“ Nós somos apenas poeira de estrelas…”
Pensava ela, esquizofrenicamente…
Era uma mulher flácida e pintava as unhas dos pés desde os seus doze anos.
Agora rabiscava grosseiramente os lábios de vermelho, e borboleteava pelo quarto, indiferente ao mundo e às outras borboletas.
O seu volumoso corpo balançava-se incessantemente. Ao seu lado tinha uma garrafa de J.B vazia. Olhou o azul no céu. Um pássaro absurdo desenhava circulos perfeitos no ar.
– Porque é que os homens usam gravatas?
Dá-lhes um ar formal, intelectual, convincente. Tudo o que são incapazes de ser interiormente.
O pássaro delineou mais uma circunferência no ar. A noite grávida de estrelas e galáxias vestia-se monótonamente de pálido.
Despiu-se. Olhou inexpressivamente a inestética do seu corpo cru, e sem sabor. Repugnou-se.
Somos escravos da estética, do superficial, do mundano.
Olhou-se mais uma vez e vomitou o ódio.
Era verão. Alguns bronzeavam-se, outros suavam debaixo das suas elegantes gravatas. Escancarou-se sobre a janela e contemplou o rio fedorento.
Contemplou-se.
Assemelhava-se à virgem auto-sodomizada pelos chifres da sua própria castidade, segundo Salvador Dali.
Olhou a sua nudez e soltou um riso sarcástico. Gostava que alguém a pintasse. Odiava realismo, gostava que pintassem o seu intelectual. Gostava que um surrealista veterano, um abstracionista tibetano, ou mesmo um cubista que odiasse matemática a desenha-se. Interiormente.
– Como gostaria de fugir dos hábitos.
De ter coragem de fazer a recruta, queda livre, de fumar umas ganzas, de fazer um piercing na lingua, de fazer sexo numa praia das Bahamas com um homem que usasse preservativos às cores, queria aparecer na televisão e expressar as suas ideias filosóficas, gostava de ter um romance escaldante com um monge budista, de rapar o cabelo. De revolucionar o mundo e organizar uma orgia com o Brad Pitt.
Queria exteriorizar os desejos mais intimos de 50% da população mundial feminina. Talvez um dia, quando não tivesse mais nada a perder…
Apesar de tudo, teve os seus fragmentos de segundo de felicidade. Aqueles breves momentos, quase inexistentes, em que o nosso ego atinge o climax, quando nos comparamos estupidamente a Picasso no auge da inspiração.

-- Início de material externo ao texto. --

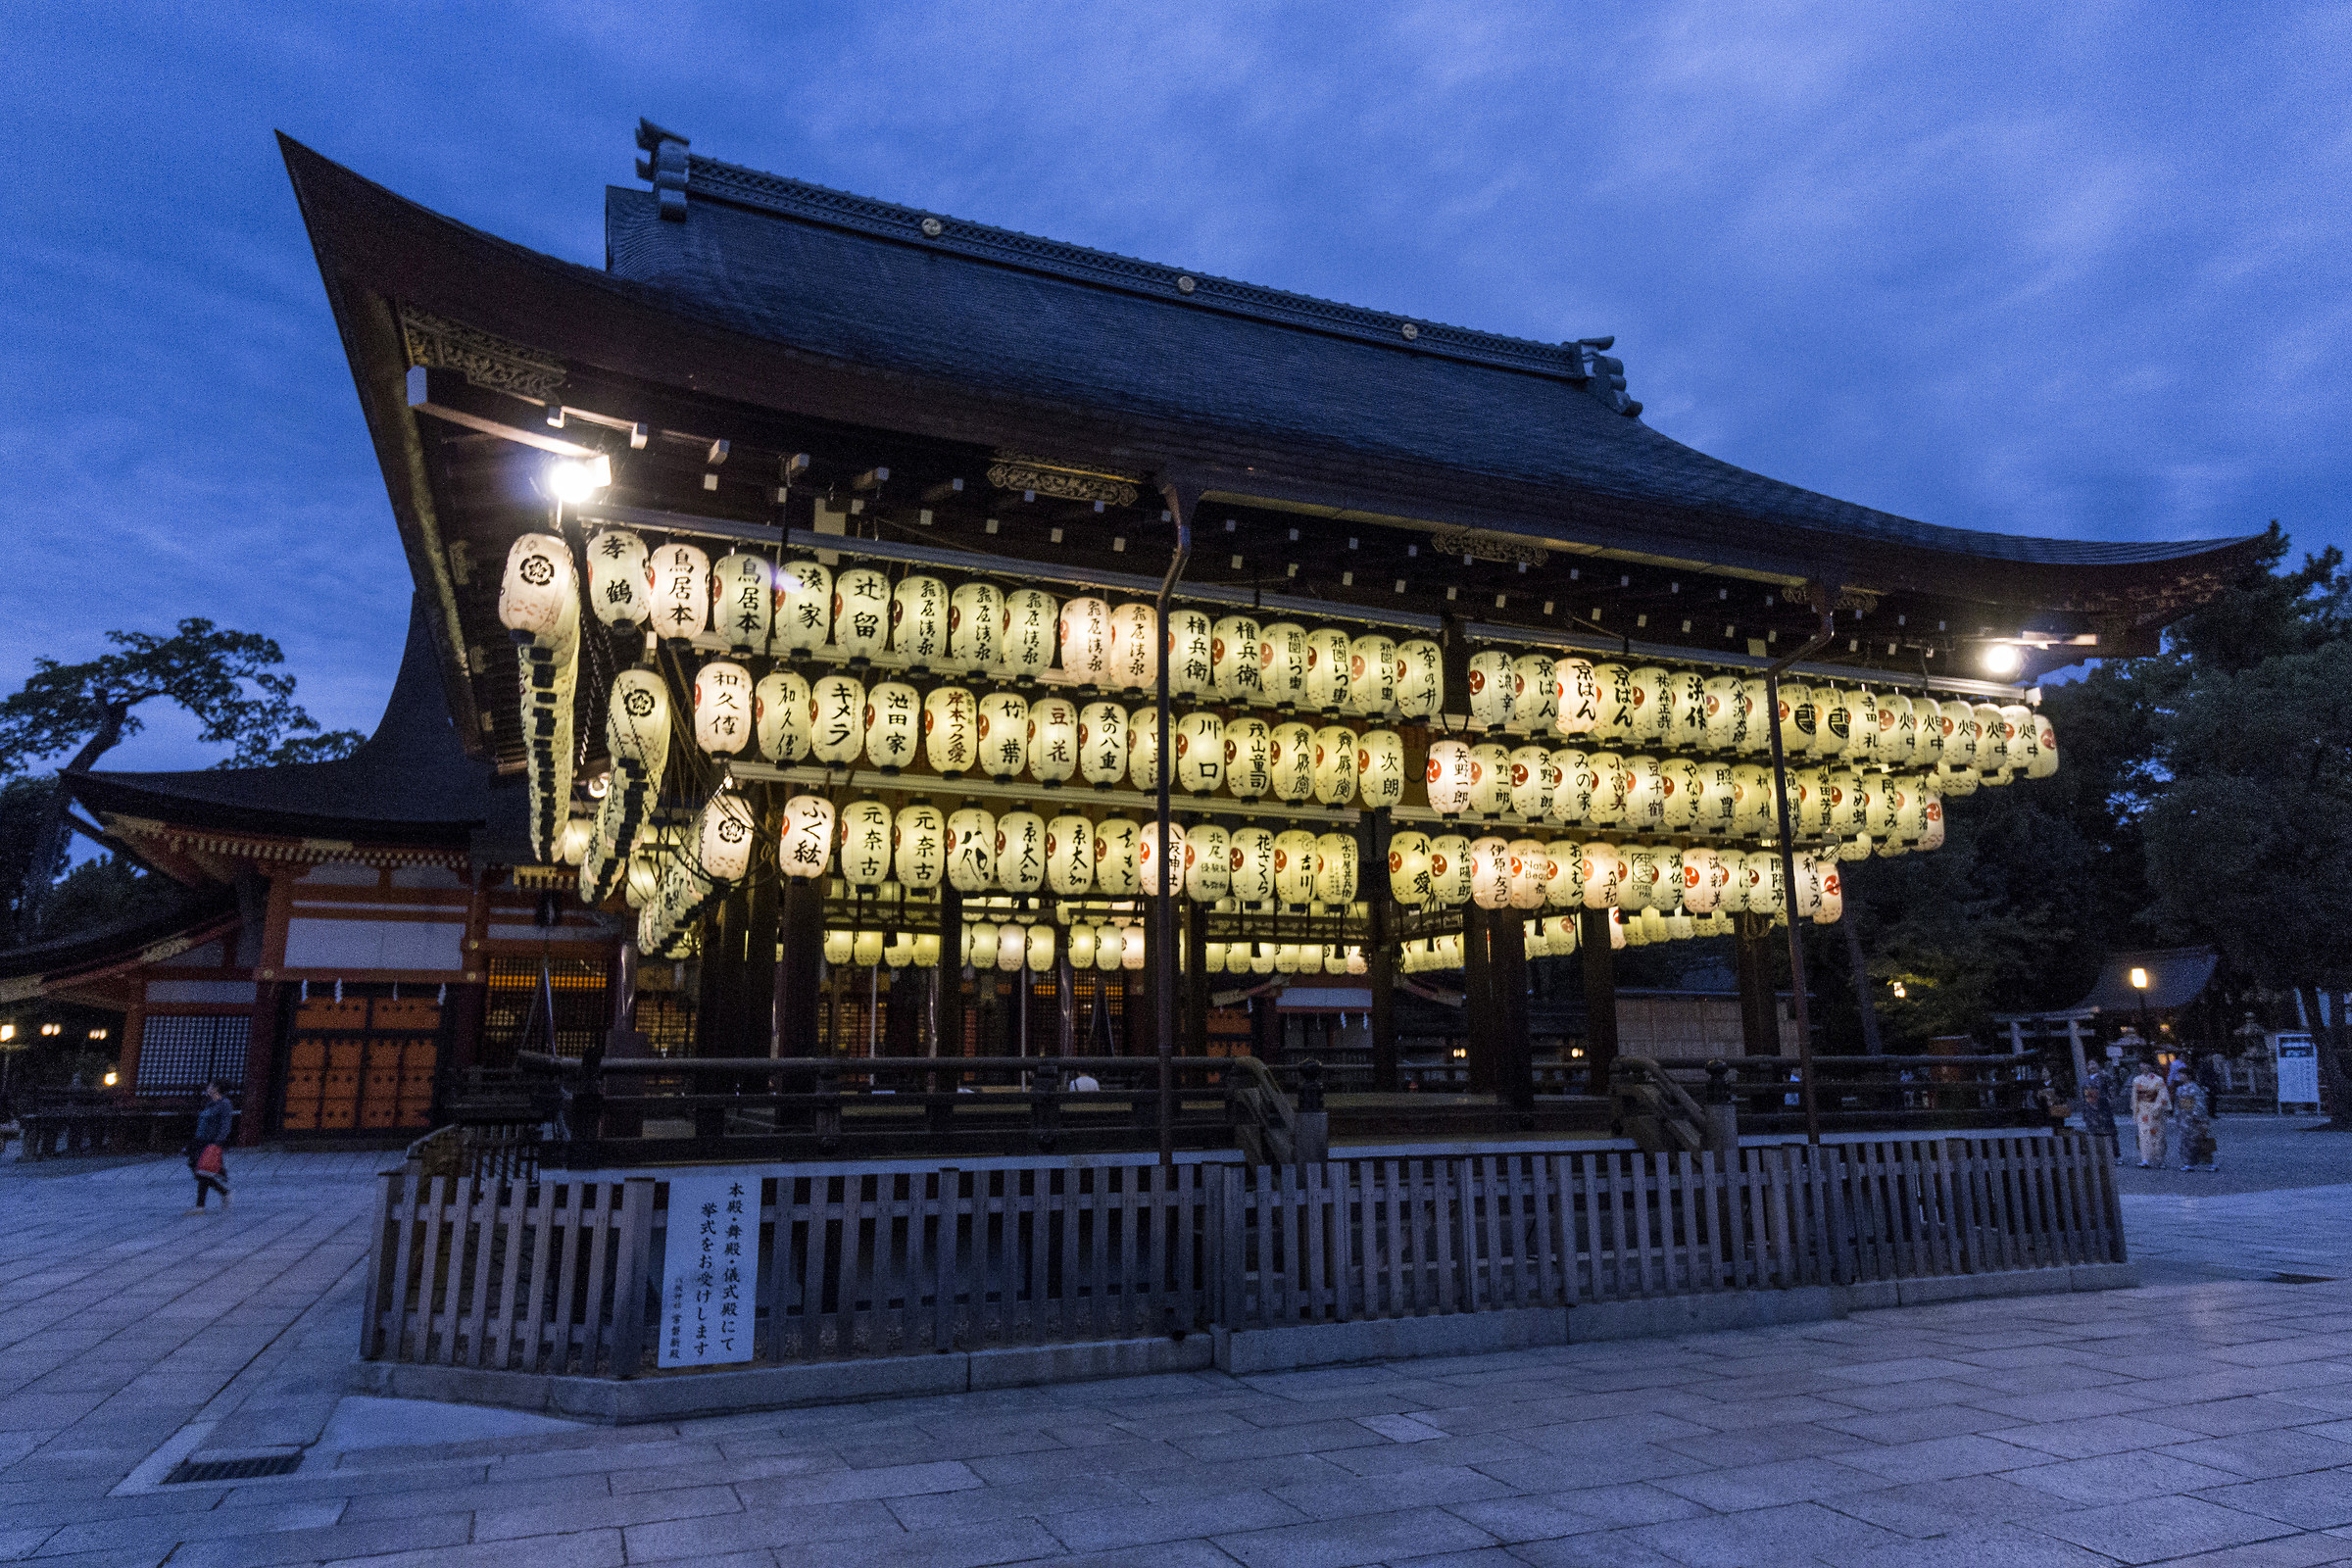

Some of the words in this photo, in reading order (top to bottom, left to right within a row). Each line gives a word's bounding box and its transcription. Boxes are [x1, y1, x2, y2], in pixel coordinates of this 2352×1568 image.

[601, 535, 633, 604] 孝鶴
[669, 547, 695, 625] 鳥居本
[737, 556, 761, 634] 鳥居本
[796, 567, 823, 629] 湊家
[854, 575, 880, 639] 辻留
[1185, 615, 1207, 682] 権兵衛
[1234, 620, 1259, 687] 権兵衛
[825, 682, 854, 747] キメラ
[1534, 659, 1557, 718] 京ばん
[1572, 662, 1596, 721] 京ばん
[1609, 666, 1633, 728] 京ばん
[886, 691, 908, 756] 池田家
[1000, 700, 1021, 764] 竹葉
[1046, 707, 1070, 763] 豆花
[1198, 718, 1219, 779] 川口
[1860, 695, 1879, 749] 寺田礼
[1249, 722, 1268, 791] 茂山童司
[1380, 751, 1399, 797] 次朗
[1453, 747, 1469, 806] 矢野一郎
[1494, 748, 1511, 807] 矢野一郎
[1538, 751, 1554, 809] 矢野一郎
[1574, 753, 1592, 811] みの家
[859, 807, 885, 876] 元奈古
[913, 810, 937, 881] 元奈古
[1208, 832, 1224, 859] 北尾
[1254, 834, 1272, 895] 花さくら
[1300, 854, 1314, 898] 吉川
[693, 1201, 718, 1357] 挙式をお受けします
[719, 1182, 745, 1351] 本殿・舞殿・儀式殿にて

Pegou no seu Fiat 600 azul claro e foi até uma falésia qualquer. Levava apenas uma garrafa de Baileys e o seu gato Simão. Era um gato cinzento. Caminhava por entre as ervas, centrado nos seus trejeitos efemeninados. Usava rimel sobre os seus já longos bigodes, e odiava leite. Era sem dúvida um gato caricato.
Sentaram-se serenamente. Olhavam fixamente as ondas que se precipitavam contra as rochas, lá em baixo. Olhavam o precipicio.
Era tarde. O sol pôs-se.
– Como as nossas mentes estão repletas de hipocrisia, de ideias pré-concebidas.
Ironias, de burocracias e fronteiras que não existem. Subsistimos sobre uma felicidade superficial. Entramos num café, olhamos em redor e vemos alguns a falar de negócios, convencidos que a economia é um dos problemas vitais na nossa vida terrena; outros que bebem o seu café apressadamente e que olham constantemente o relógio; e ainda outros que gritam obscenidades e se riem sordidamente deles próprios.
Trabalhamos arduamente para atingir a perfeição quando nós próprios somos imperfeitos. Mas como admitir que nos esforçamos em vão seria um atentado à nossa auto-estima, aceitamos pacificamente o papel de ignobeis, e rendemo-nos à mediocridade da existência.
Simão perseguia atarefadamente uma borboleta azul, indiferente à utopia filosófica que se passava apenas a dois metros de si. Ela fechou os olhos, inspirou o ar pouco puro que a rodeava e adormeceu. Depois de ter triturado freneticamente a frágil borboleta, Simão também dormiu…
O seu corpo gordo espreguiçava-se. Despertou. Chamou: Simão! Simão!
Mas o gato não acordou nunca mais. Ela apercebeu-se finalmente da tragédia e sorriu. Envolveu o cadáver no seu casaco de malha e lançou-o sobre o abismo. A diferença entre nós e os animais é que nós temos direito a proferir as últimas palavras, eles…só os últimos pensamentos!